§ What you should do
Set down all of the data that follows word for word, without the images.

(Image-backed grounding data)
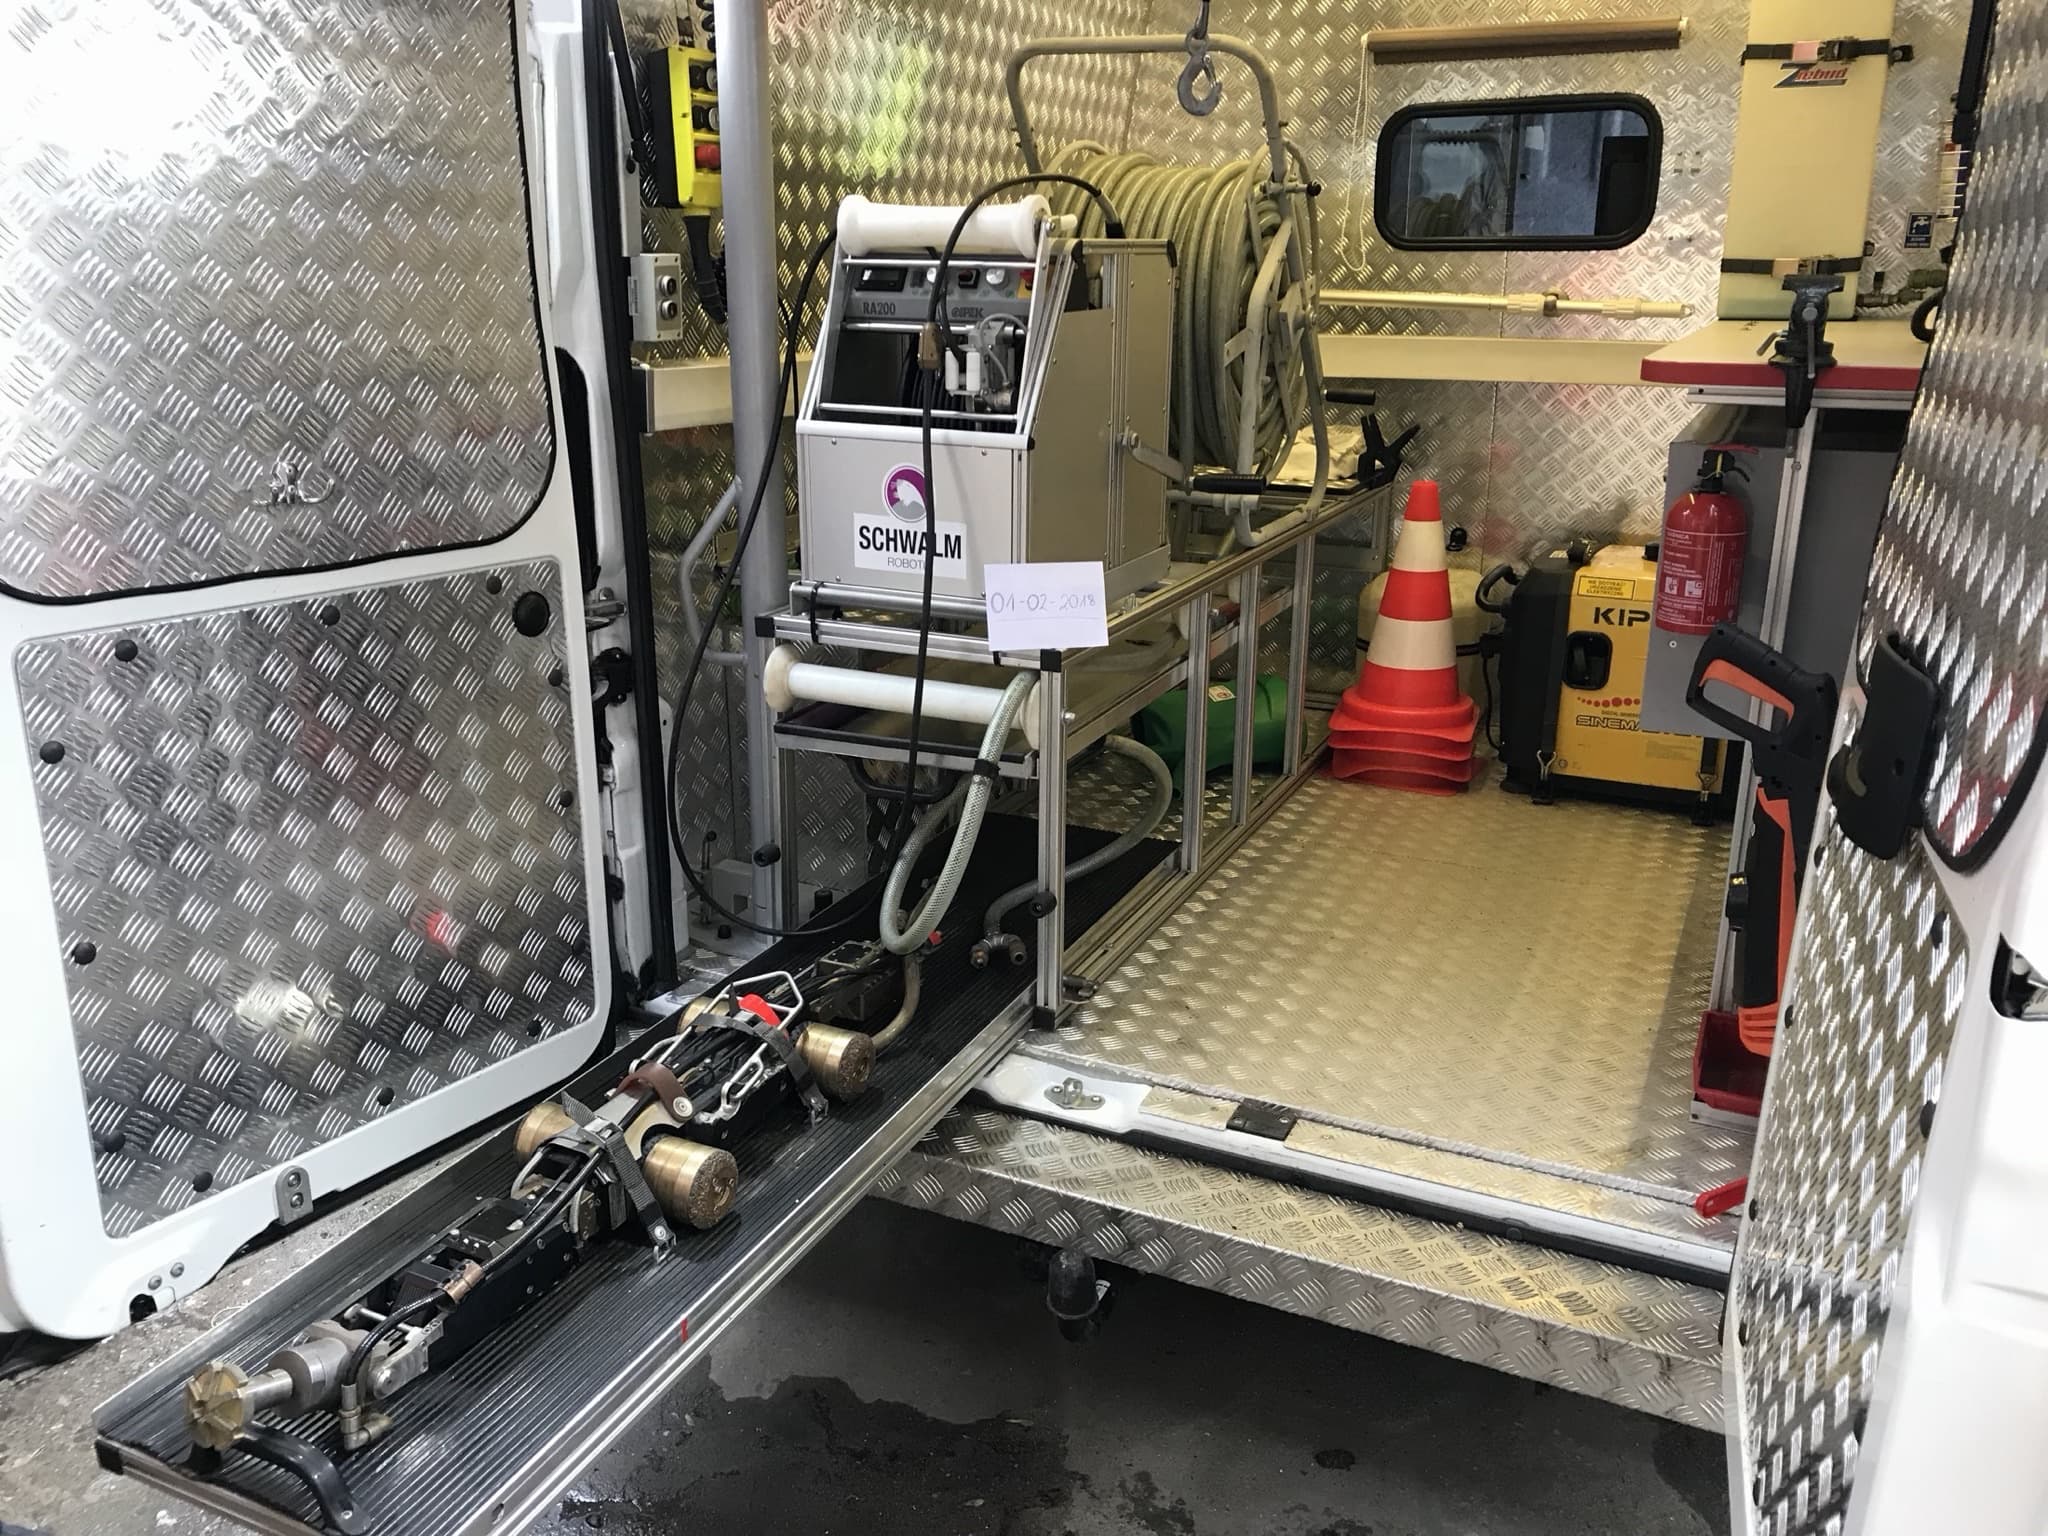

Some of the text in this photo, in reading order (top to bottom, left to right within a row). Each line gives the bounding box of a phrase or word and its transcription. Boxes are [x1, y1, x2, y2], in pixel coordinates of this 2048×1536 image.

[863, 302, 896, 316] RA200
[859, 525, 962, 560] SCHWALM
[887, 556, 927, 571] ROBOTI
[990, 592, 1096, 614] 01-02-2018
[1594, 607, 1650, 627] KIP
[1576, 714, 1640, 732] SINEM
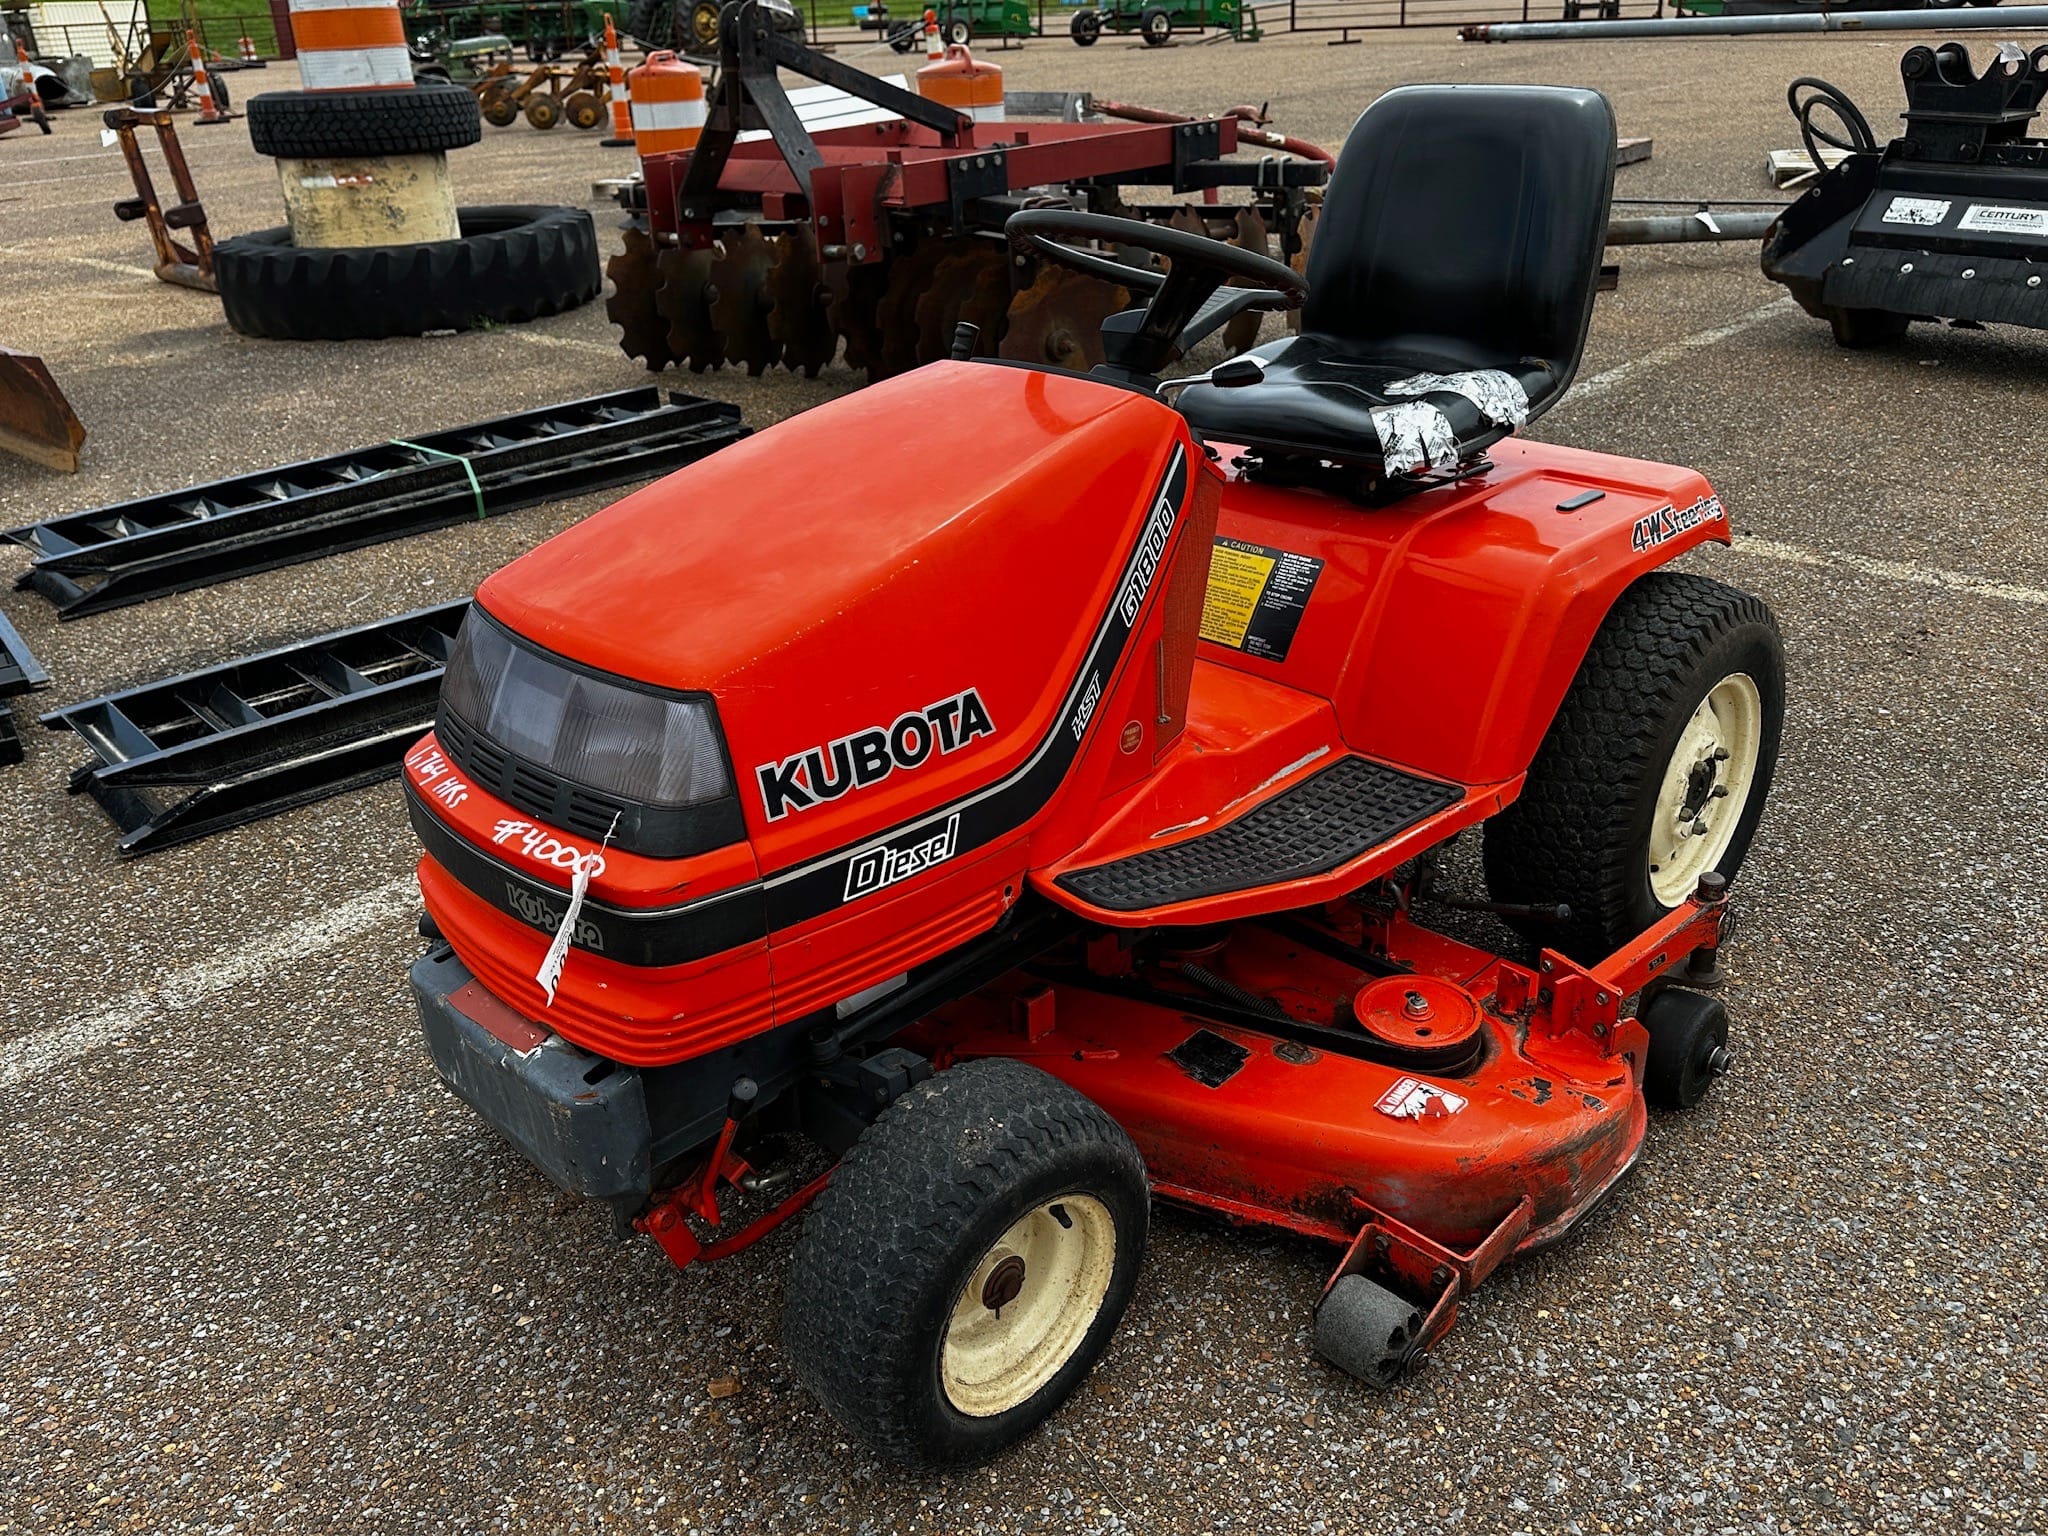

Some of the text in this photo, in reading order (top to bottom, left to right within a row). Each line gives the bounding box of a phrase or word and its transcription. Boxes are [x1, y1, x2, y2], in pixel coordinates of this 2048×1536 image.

[1978, 209, 2040, 221] CENTURY
[1120, 498, 1174, 628] G1800
[1230, 541, 1265, 555] CAUTION
[1071, 669, 1101, 742] HST
[755, 687, 997, 823] KUBOTA
[491, 819, 606, 878] #4000
[843, 813, 961, 903] Diesel

§ Response for this exercise
Some of the text in this photo, in reading order (top to bottom, left to right within a row). Each line gives the bounding box of a phrase or word and its transcription. Boxes are [x1, y1, x2, y2], in pixel coordinates of this 2048×1536 image.

[863, 302, 896, 316] RA200
[859, 525, 962, 560] SCHWALM
[887, 556, 927, 571] ROBOTI
[990, 592, 1096, 614] 01-02-2018
[1594, 607, 1650, 627] KIP
[1576, 714, 1640, 732] SINEM

Some of the text in this photo, in reading order (top to bottom, left to right within a row). Each line gives the bounding box of a phrase or word and its transcription. Boxes are [x1, y1, x2, y2], in pixel coordinates of this 2048×1536 image.

[1978, 209, 2040, 221] CENTURY
[1120, 498, 1174, 628] G1800
[1230, 541, 1265, 555] CAUTION
[1071, 669, 1101, 742] HST
[755, 687, 997, 823] KUBOTA
[491, 819, 606, 878] #4000
[843, 813, 961, 903] Diesel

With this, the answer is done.